A distorted trigonal antiprismatic cationic silicon complex with ureato ligands: syntheses, crystal structures and solid state²⁹Si NMR properties

Insertion of phenyl isocyanate into the Si-N bond of N-(tri methylsilyl)diethylamine yields the N'-silylated N,N-diethylN'-phenylurea 1, which undergoes transsilylation with SiCl₄ to yield the C ₃-symmetric cationic hexacoordinate silicon complex 3s⁺ [tris-Κ-O,N'-(N,N-diethyl-N'-phenylureato)siliconium] as chloride salt, which was characterized crystallographically. The cationic complex. 3s ⁺ exhibits a distorted trigonal antiprismatic coordination sphere about the silicon atom with fac arrangement of the three N-atoms (and the three O-atoms) relative to one another.
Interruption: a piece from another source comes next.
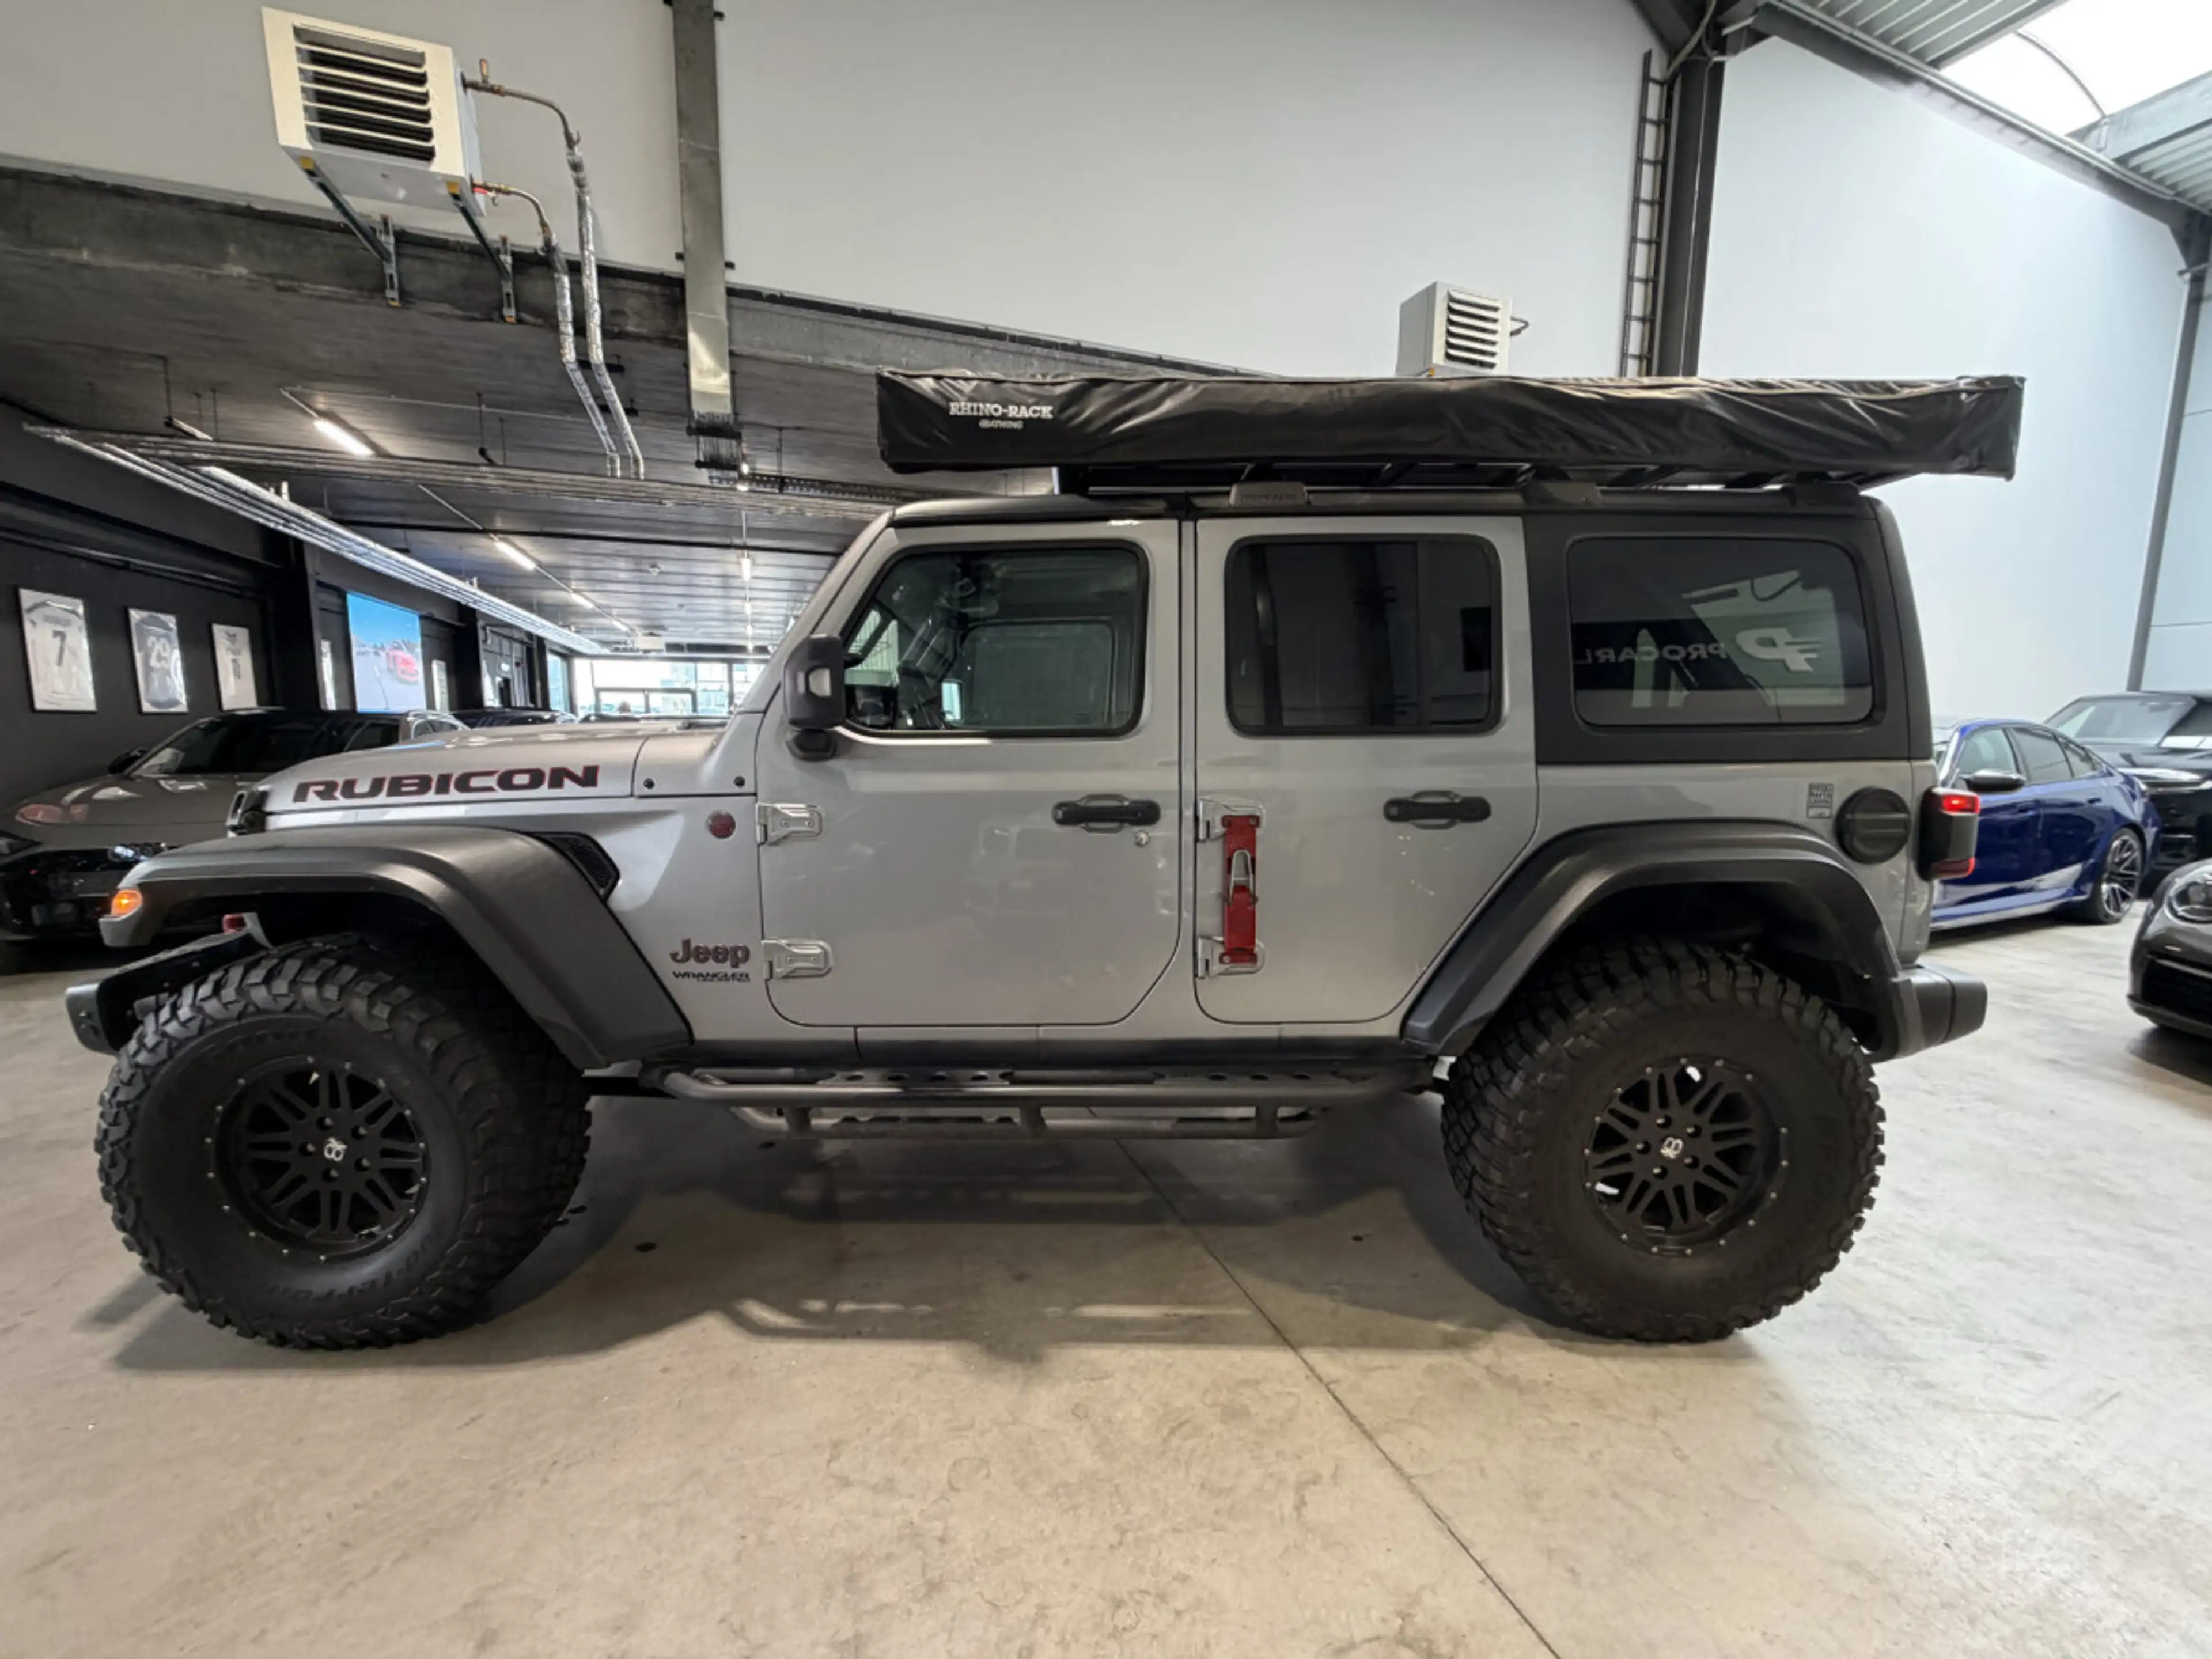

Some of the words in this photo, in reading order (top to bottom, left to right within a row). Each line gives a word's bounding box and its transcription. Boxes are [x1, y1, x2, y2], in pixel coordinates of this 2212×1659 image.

[949, 402, 1054, 419] RHINO-RACK
[293, 765, 600, 803] RUBICON
[669, 938, 751, 969] Jeep
This C₃-symmetric complex undergoes isomerization into its asymmetric isomer 3a⁺ (mer arrangement of NNN or OOO relative to one another) in. CDCl₃ solution. Hence, two ²⁹Si NMR signals appear and four sets of signals emerge in the ¹H and ¹³C NMR spectra. Despite its pronounced axial symmetry, the ²⁹Si NMR shielding tensor of the cation 3s⁺ in its chloride salt exhibits an unusually small span (less than 20 ppm), which was analyzed CP/MAS NMR spectroscopically and by computational methods.